I want to say something now about the role of the commanding officer, which has featured in many interventions, before giving way to hon. Members. In our armed forces, commanding officers are responsible for the discipline of those under their command. A large part of the exercise of that discipline is done by example and leadership. Their authority is critical to the delivery of unit cohesion and operational effectiveness. As I said, that authority is primarily exhibited through their qualities of leadership and by inspiring the confidence, loyalty and trust of those who serve under them. Those qualities have long distinguished the British armed forces from many others throughout the world.
Ultimately, commanding officers must have the power to enforce discipline throughout the military criminal justice system. The Bill provides commanding officers for the first time with harmonised powers to deal with all people under the command of whatever service. To create such harmonised powers, we are reducing the theoretical extensive summary jurisdiction of commanding officers in the Royal Navy. I use the word "theoretical" because in reality those commanding officers do not exercise their powers over very serious matters, not least because their powers of punishment are far too limited. That might address points that hon. Members raised earlier. We are, however, increasing the powers of Army and Air Force commanding officers to deal with the small number of additional criminal offences that are set out in part 2 of schedule 1 with which, in straightforward cases, Navy commanding officers already deal summarily. There is thus some diminution of powers for the Navy, but a big increase within the armed forces.
The summary powers of commanding officers recognise the importance of not only giving authority to COs but being able to deal with such matters expeditiously. As part of that recognition, we are also harmonising the powers of commanding officers to deal summarily with officers up to the rank of lieutenant-colonel and equivalent, subject to certain conditions.
Part 5 of the Bill sets out the duties of commanding officers in respect of allegations that a serious offence has been committed. Clause 113 provides that a commanding officer will be required to inform the service police as soon as practicable in the event of an allegation of a specified inherently serious offence, or an offence for which certain prescribed circumstances apply. The service police, who may already be investigating the matter, are in turn required to refer the case to the independent director of service prosecutions if they think there is sufficient evidence to charge a person with one of the inherently serious offences. It is the director of service prosecutions who will decide whether to bring charges on the basis of proper tests and a real understanding of the military context. That is the kernel of the relationship among the commanding officer, the investigating officers and the director of service prosecutions.
I stress that the offences that we are talking about are those that are inherently serious; they are ones of which there cannot be a minor example. They include civilian criminal offences such as murder and rape, other serious sexual offences, robbery, terrorism offences and so on. They also include some disciplinary offences that I am sure the whole House would agree are inherently serious, such as assisting the enemy and mutiny. The maximum sentence for those disciplinary offences is life imprisonment.
I want to explain why we are making the changes, so that hon.
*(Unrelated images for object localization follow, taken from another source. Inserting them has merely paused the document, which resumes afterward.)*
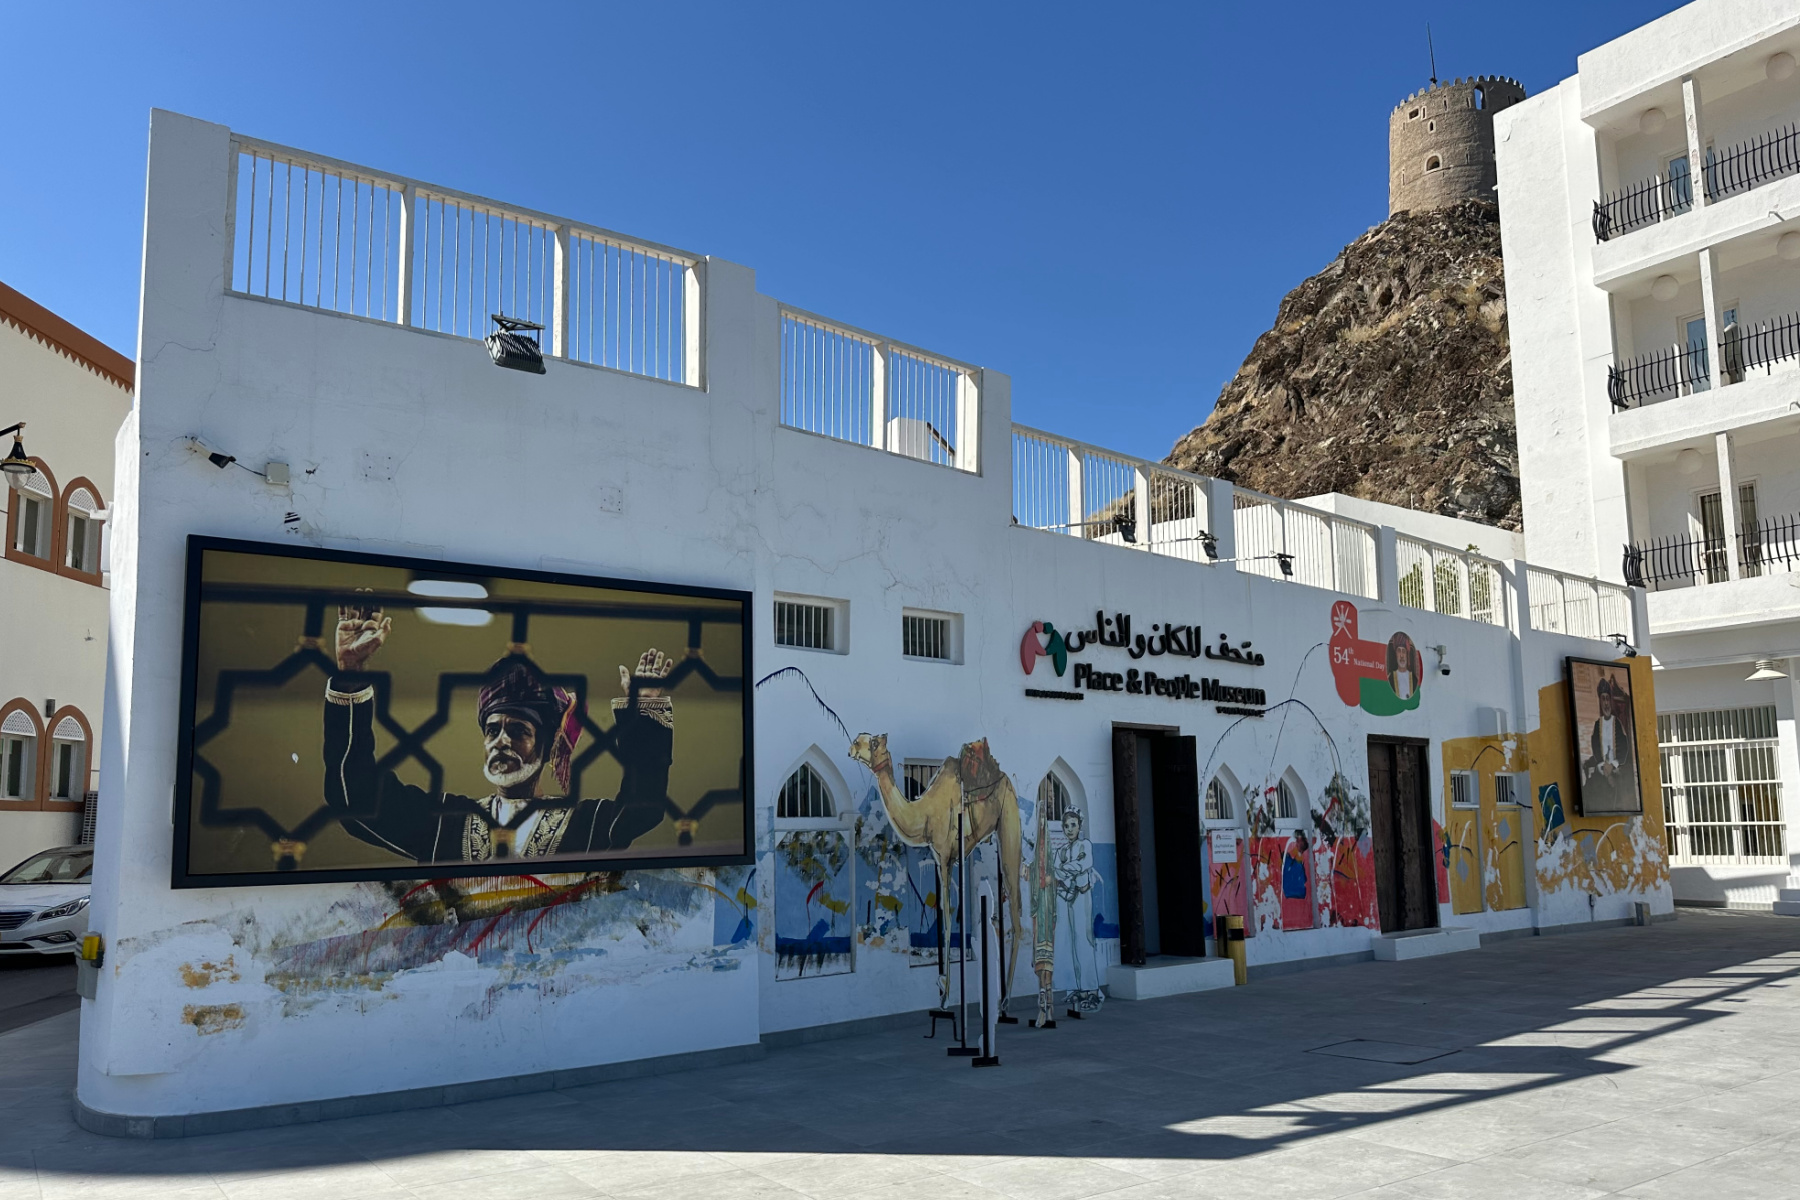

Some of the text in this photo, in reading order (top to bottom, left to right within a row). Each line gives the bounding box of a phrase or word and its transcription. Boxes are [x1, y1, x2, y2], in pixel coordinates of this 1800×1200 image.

[1205, 633, 1265, 666] متحف
[1333, 647, 1385, 671] 54th National Day
[1074, 663, 1266, 705] Place & People Museum
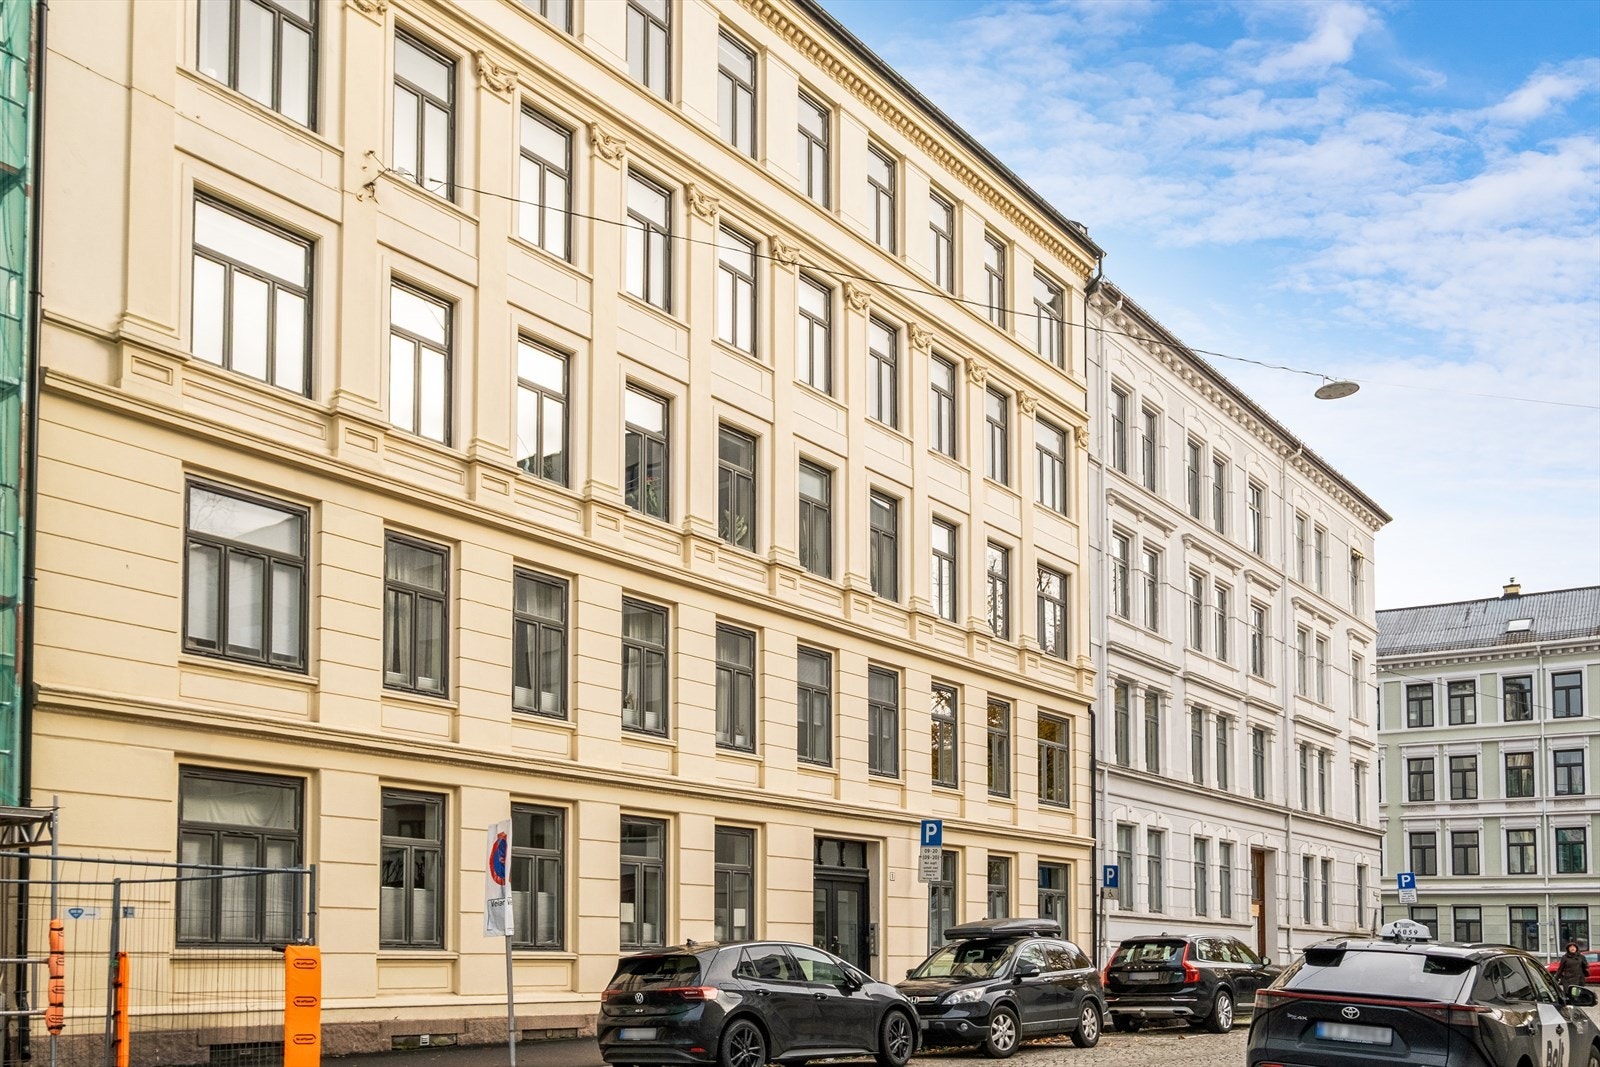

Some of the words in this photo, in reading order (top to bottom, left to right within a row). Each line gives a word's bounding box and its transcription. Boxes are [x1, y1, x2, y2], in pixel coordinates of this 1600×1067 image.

[926, 823, 938, 844] P
[1106, 867, 1115, 885] P
[1401, 875, 1411, 888] P
[1546, 1038, 1565, 1067] Bolt
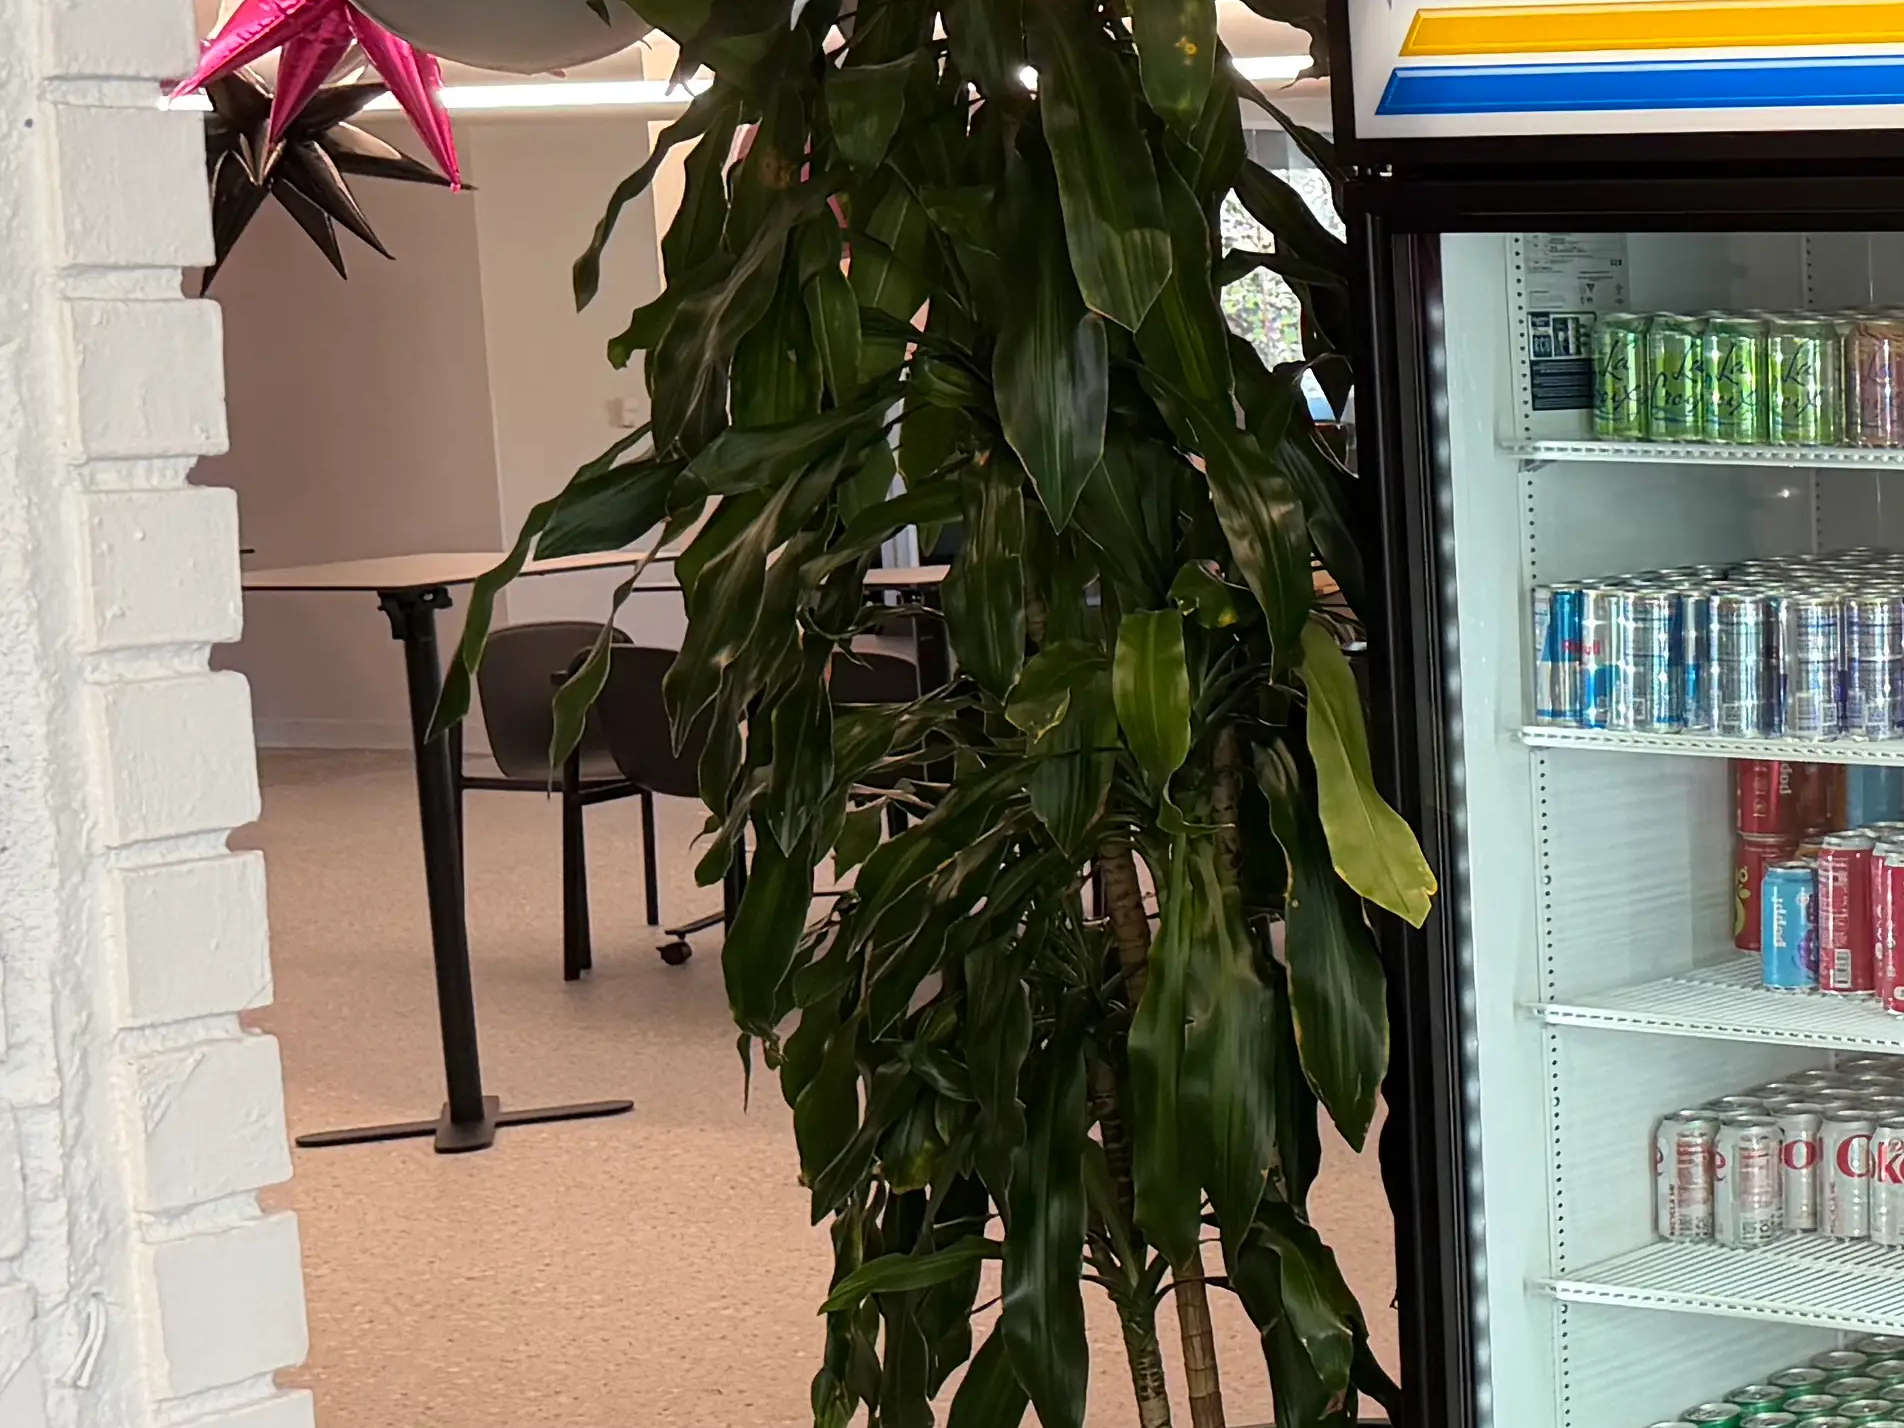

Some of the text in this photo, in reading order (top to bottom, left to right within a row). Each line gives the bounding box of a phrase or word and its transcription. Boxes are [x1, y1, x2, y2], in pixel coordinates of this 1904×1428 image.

[1603, 339, 1630, 382] La
[1717, 341, 1744, 385] La
[1782, 342, 1811, 387] La
Members can perhaps understand the way in which they are meant to protect the integrity and independence of the military system. At present, if a person is charged, the commanding officer has the power to dismiss a charge—whether the offence is serious, such as those that I have mentioned, or not—without any form of hearing or evidence. Under existing law the result of such action means that even in extremely serious matters, such as those that I have just mentioned, dismissal excludes any further proceedings in the military system. Thus, the evidence is never heard and no decision in the case is ever taken by any independent service prosecuting authority. The case is dismissed by a commanding officer, no matter how serious, without any hearing, as I have said. That is theoretically possible. It has happened in practice. The case cannot then be tried at any other stage, whatever the misgivings, whatever the feelings thereafter or whatever the decision in the military system.
That, however, is not necessarily the end of the matter. Where civilian courts also have jurisdiction, civilian authorities may take action. The jurisdiction of the civilian courts may come into play as a result of the services being prevented from taking any further action on the matter even if there is afterthought through just such a technicality. That is what I wanted to address and we wanted to address. It is the problem that gave rise to so much dissatisfaction over one particular case.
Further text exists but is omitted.